== RECORDS FOR THE EXERCISE ==
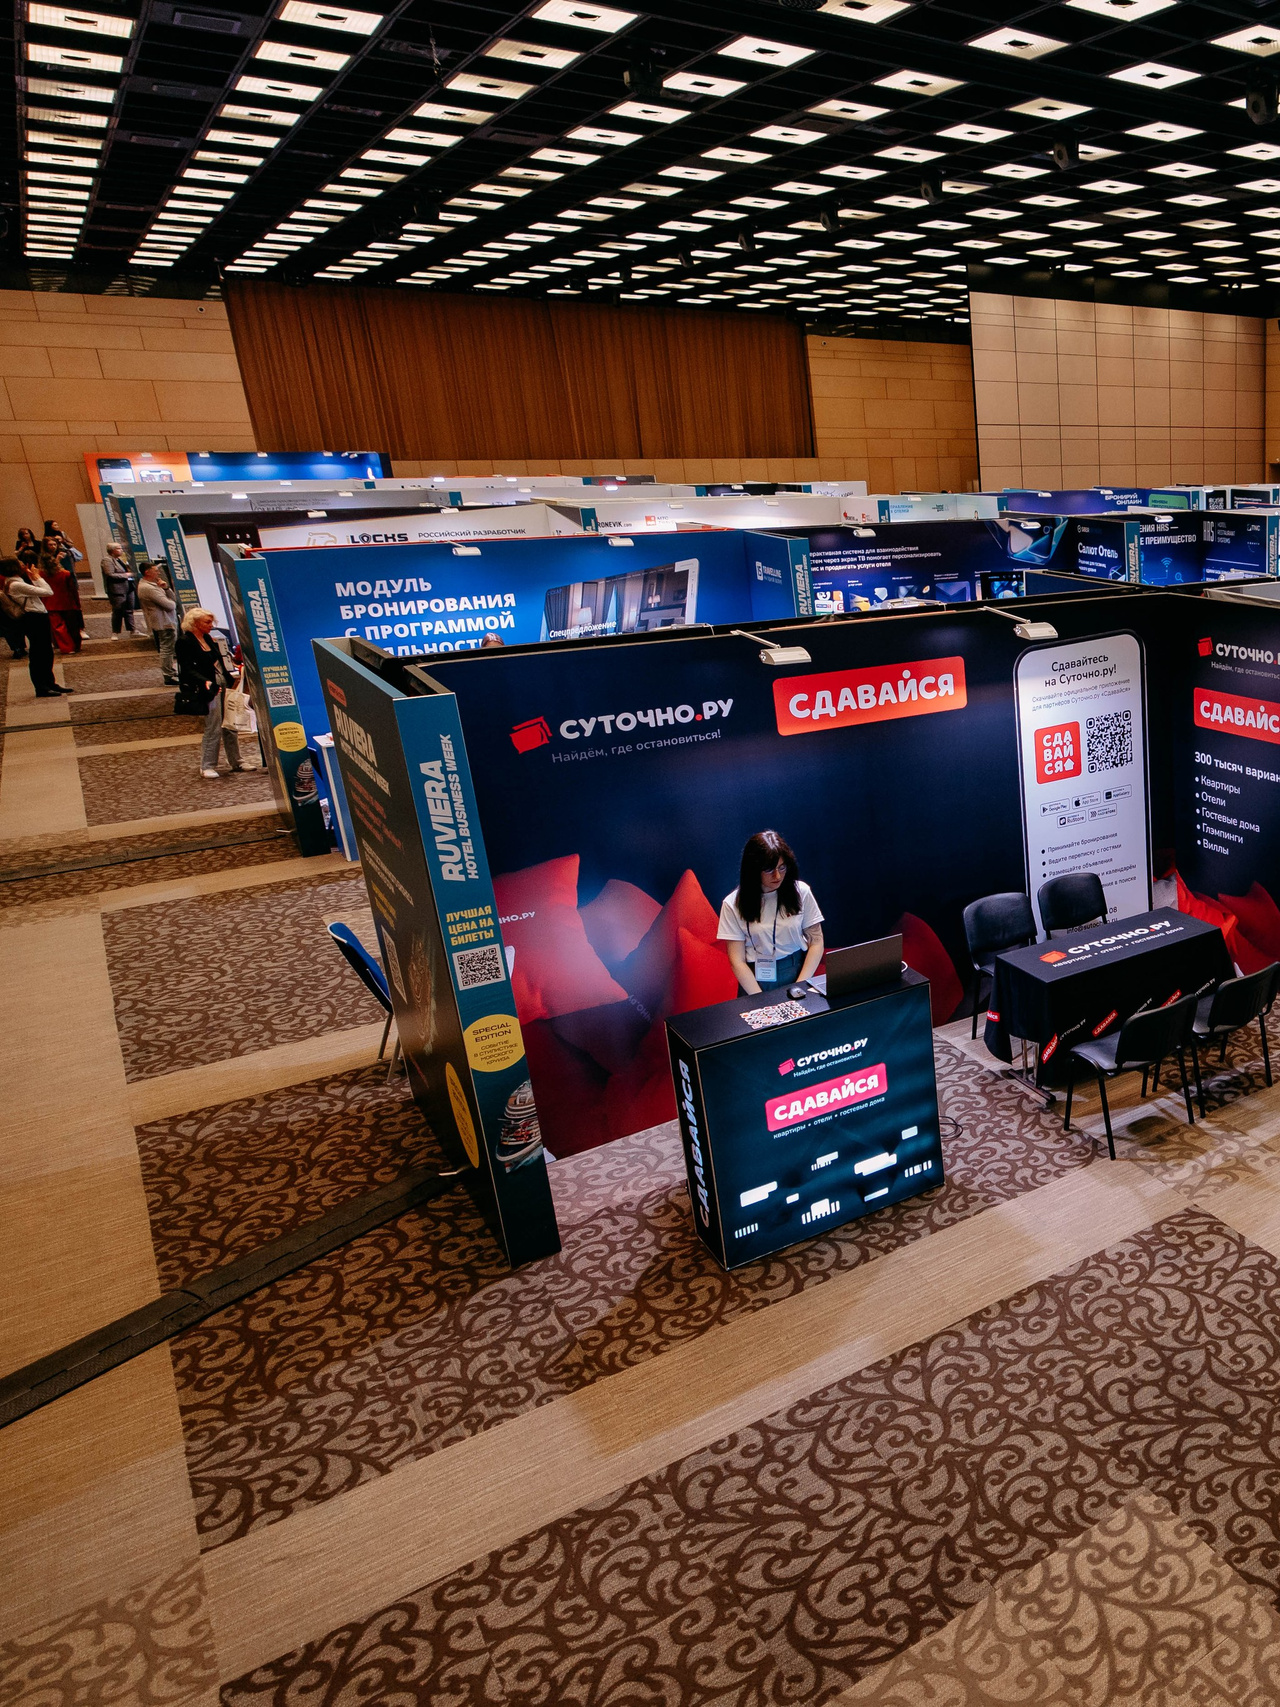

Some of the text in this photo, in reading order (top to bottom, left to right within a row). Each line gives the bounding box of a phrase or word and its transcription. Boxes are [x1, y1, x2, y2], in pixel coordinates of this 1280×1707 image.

[125, 513, 140, 545] RUVIERA
[418, 528, 526, 539] РОССИЙСКИЙ РАЗРАБОТЧИК
[1156, 524, 1169, 532] HRS
[876, 545, 919, 554] взаимодействия
[1077, 541, 1118, 559] Салют Отель
[1145, 534, 1197, 546] ПРЕИМУЩЕСТВО
[166, 538, 186, 580] RUVIERA
[824, 551, 942, 566] через помогает персонализировать
[825, 563, 857, 572] продвигать
[857, 562, 875, 571] услуги
[335, 577, 432, 598] МОДУЛЬ
[795, 564, 808, 615] RUVIERA
[339, 593, 517, 620] БРОНИРОВАНИЯ
[250, 589, 274, 653] RUVIERA
[344, 611, 516, 641] С ПРОГРАММОЙ
[549, 620, 617, 638] Спецпредложение
[1051, 653, 1109, 673] Сдавайтесь
[1210, 661, 1234, 673] Найдём,
[1234, 666, 1245, 675] где
[1044, 663, 1117, 687] на Суточно.ру!
[788, 669, 956, 720] СДАВАЙСЯ
[1032, 679, 1131, 703] Скачивайте официальное приложение
[1071, 693, 1100, 705] Суточно.ру
[559, 698, 734, 741] СУТОЧНО.РУ
[333, 704, 378, 768] RUVIERA
[551, 728, 722, 764] Найдём, где остановиться!
[1042, 730, 1073, 747] СДА
[1043, 742, 1074, 762] ВАЙ
[1044, 760, 1064, 776] СЯ
[1194, 751, 1213, 766] 300
[1213, 758, 1244, 774] тысяч
[1201, 775, 1241, 795] Квартиры
[439, 733, 479, 880] HOTEL BUSINESS WEEK
[1201, 791, 1227, 807] Отели
[419, 759, 467, 882] RUVIERA
[1201, 807, 1261, 833] Гостевые дома
[1047, 832, 1118, 853] Принимайте бронирования
[1202, 823, 1244, 844] Глэмпинги
[1048, 843, 1122, 866] Ведите переписку гостями
[1202, 838, 1229, 855] Виллы
[1082, 857, 1113, 870] объявления
[1105, 863, 1137, 876] календарём
[1118, 875, 1137, 885] поиске
[446, 905, 492, 923] ЛУЧШАЯ
[1108, 906, 1118, 914] 08
[448, 918, 494, 936] ЦЕНА НА
[450, 928, 495, 947] БИЛЕТЫ
[1053, 926, 1185, 968] квартиры отели гостевые дома
[1067, 920, 1172, 955] СУТОЧНО.РУ
[472, 1022, 512, 1036] SPECIAL
[474, 1029, 512, 1043] EDITION
[479, 1043, 518, 1057] СТИЛИСТИКЕ
[480, 1040, 510, 1051] СОБЫТИЕ
[480, 1049, 514, 1062] МОРСКОГО
[796, 1037, 869, 1068] СУТОЧНО.РУ
[486, 1055, 510, 1065] КРУИЗА
[793, 1051, 863, 1078] Найдём, остановиться!
[773, 1074, 880, 1121] СДАВАЙСЯ
[773, 1096, 886, 1140] квартиры отели гостевые дома
[678, 1058, 710, 1228] СДАВАЙСЯ
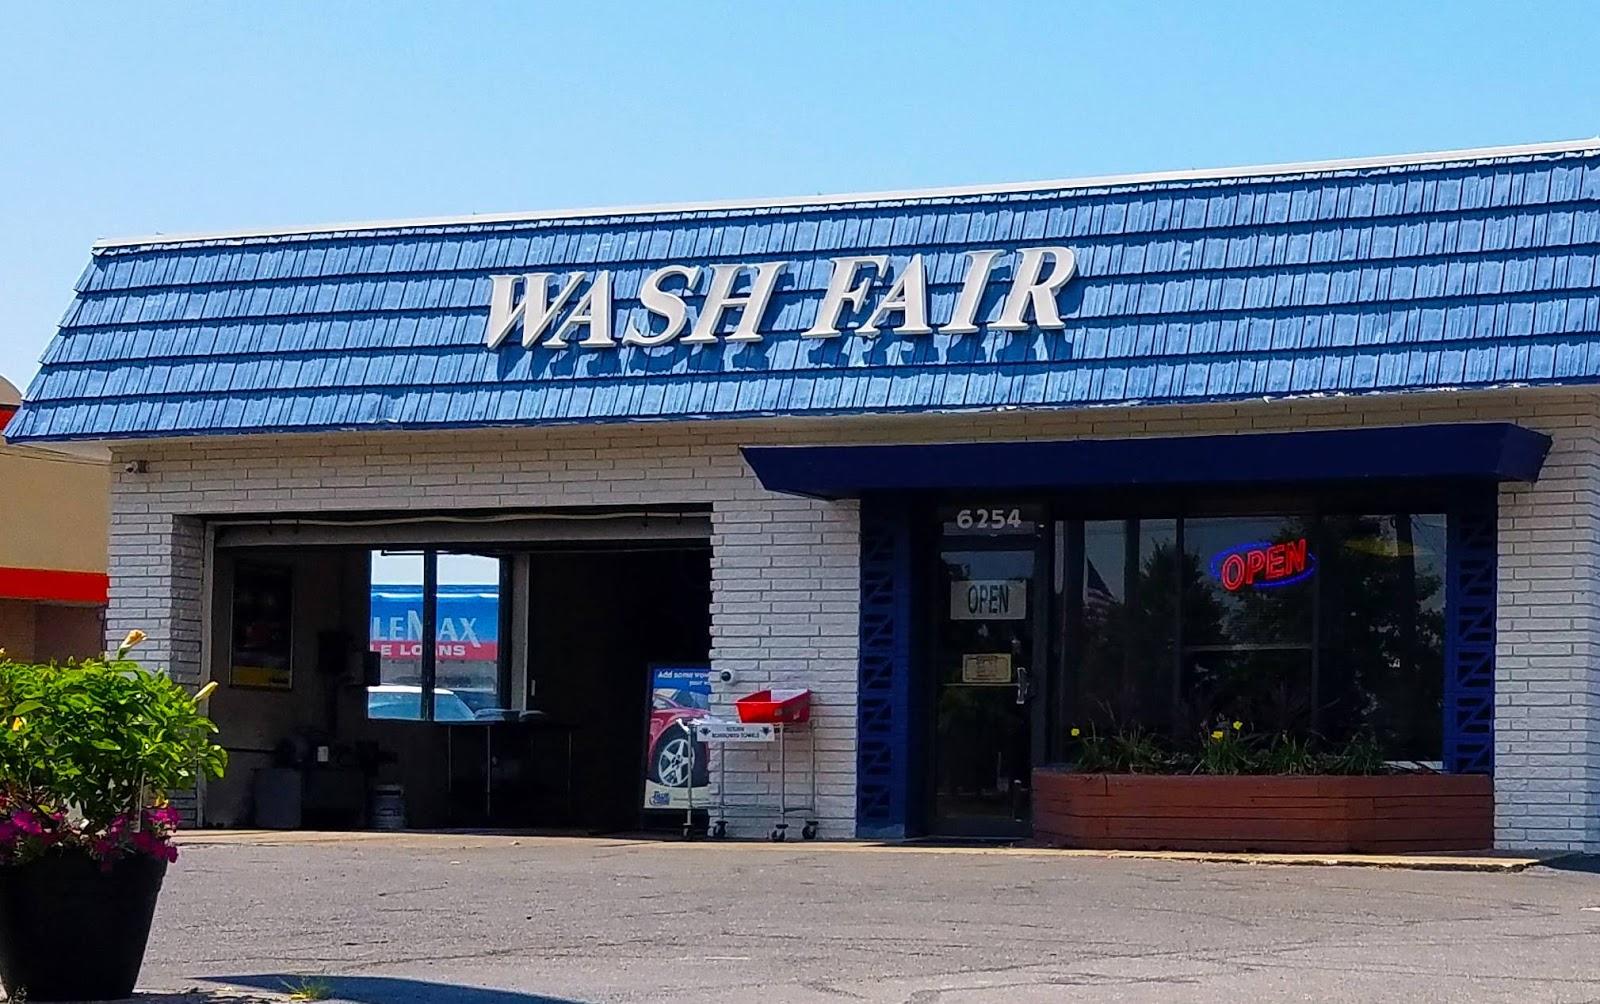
===
REQUIRED WORK. Every line of the data above that includes "RUVIERA" should be listed.

ANSWER TO THE PROBLEM.
[125, 513, 140, 545] RUVIERA
[166, 538, 186, 580] RUVIERA
[795, 564, 808, 615] RUVIERA
[250, 589, 274, 653] RUVIERA
[333, 704, 378, 768] RUVIERA
[419, 759, 467, 882] RUVIERA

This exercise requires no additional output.